News Release

Lek-Heng Lim receives Wilkinson Prize in Numerical Analysis & Scientific Computing

Lek-Heng Lim, University of Chicago, honored by Society for Industrial and Applied Mathematics

Grant and Award Announcement

Society for Industrial and Applied Mathematics

Figure 1 Bundles of Neural Fibers Reconstructed from Dmri Measurements

image: Figure 1. These are bundles of neural fibers reconstructed from dMRI measurements. view more 

Credit: Lek-Heng Lim

The Society for Industrial and Applied Mathematics is proud to award Lek-Heng Lim, University of Chicago, with the James H. Wilkinson Prize in Numerical Analysis and Scientific Computing in 2017. This prize, established in 1979, is given for research in, or other contributions to, numerical analysis and scientific computing during the six years preceding the award. The purpose of the prize is to stimulate younger contributors and to help them in their careers. The prize was awarded at the 2017 SIAM Annual Meeting in July.

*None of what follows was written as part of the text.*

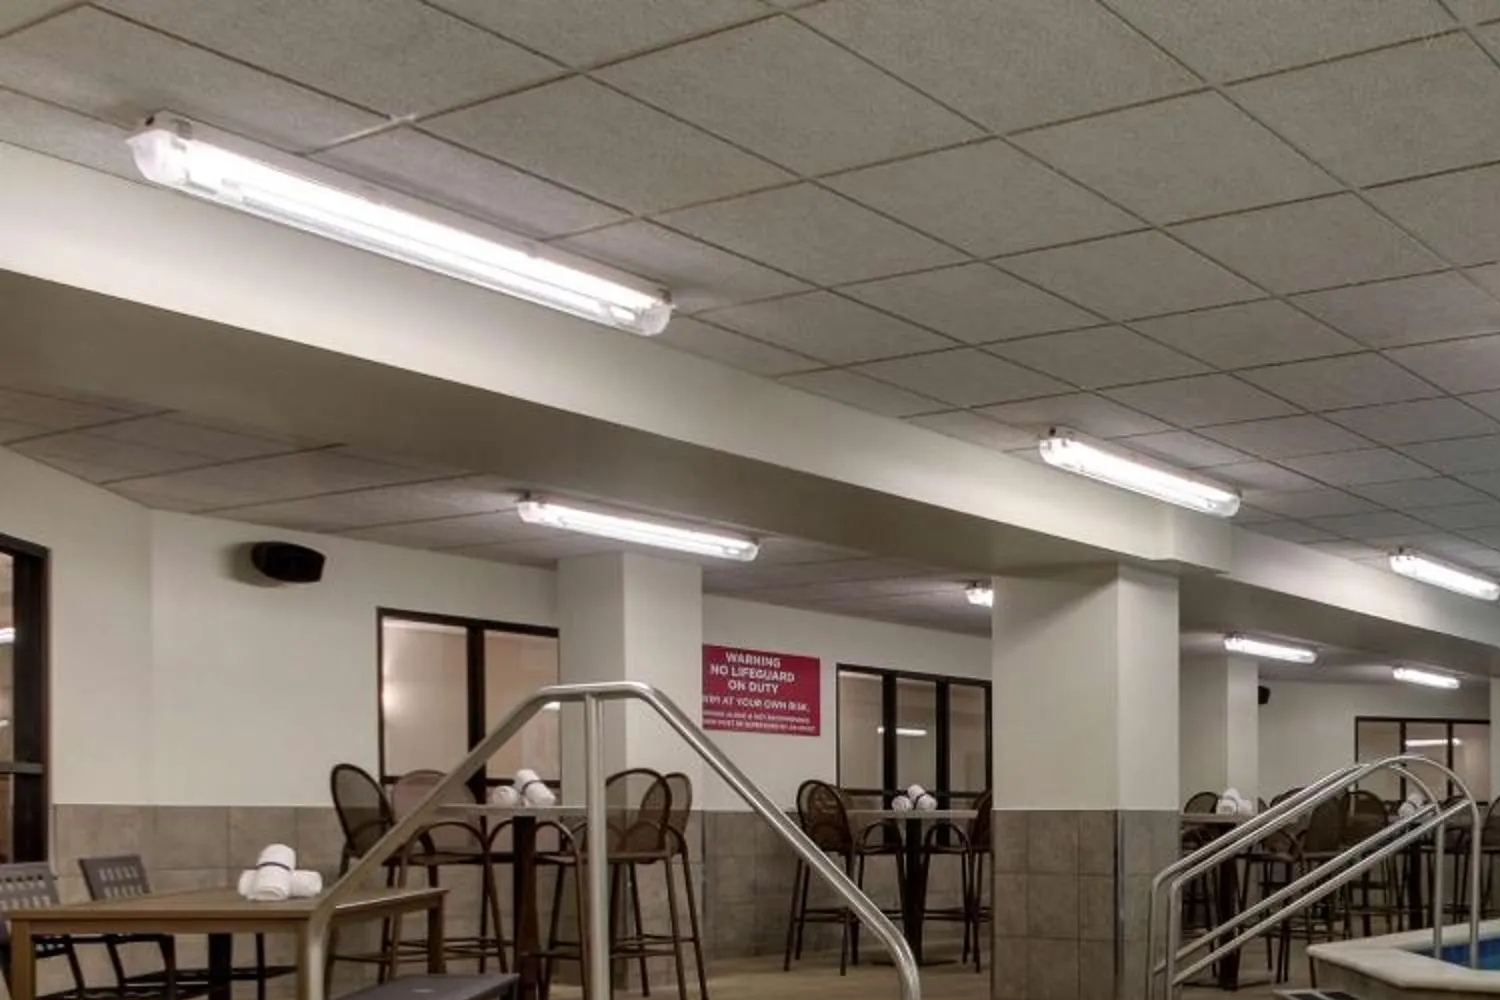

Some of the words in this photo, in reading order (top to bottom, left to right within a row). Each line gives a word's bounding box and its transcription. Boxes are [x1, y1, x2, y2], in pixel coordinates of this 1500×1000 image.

Lim's work is directly impacting the public through real-world applications. "In joint work with Thomas Schultz, an exceptionally talented computer/neuroscientist in Bonn, we figured out a way to get high-resolution 3D images of neural fibers in the human brain from diffusion MRI measurements," Lim says. "Among other things, mapping major bundles of neural fibers in the human brain is vitally important in neurosurgical planning and is an integral component of the Human Connectome Project."

Lek-Heng Lim's research focuses on tensors and their coordinate representations, hypermatrices. He is particularly interested in hypermatrix equivalents of various matrix notions, their mathematical and computational properties, and their applications to science and engineering. He is also generally interested in applied/computational algebraic/differential geometry/topology (all possible combinations). Lek-Heng was educated at Stanford, Cambridge, Cornell, and the National University of Singapore. He was a Morrey Assistant Professor at Berkeley and thereafter an Assistant Professor at Chicago. He serves on the editorial boards of Linear Algebra and its Applications and Linear and Multilinear Algebra. He has received an AFOSR Young Investigator Award, a DARPA Young Faculty Award, an NSF Faculty Early Career Award, and, more recently, a Smale Prize from the FoCM Society and a Director's Fellowship from DARPA.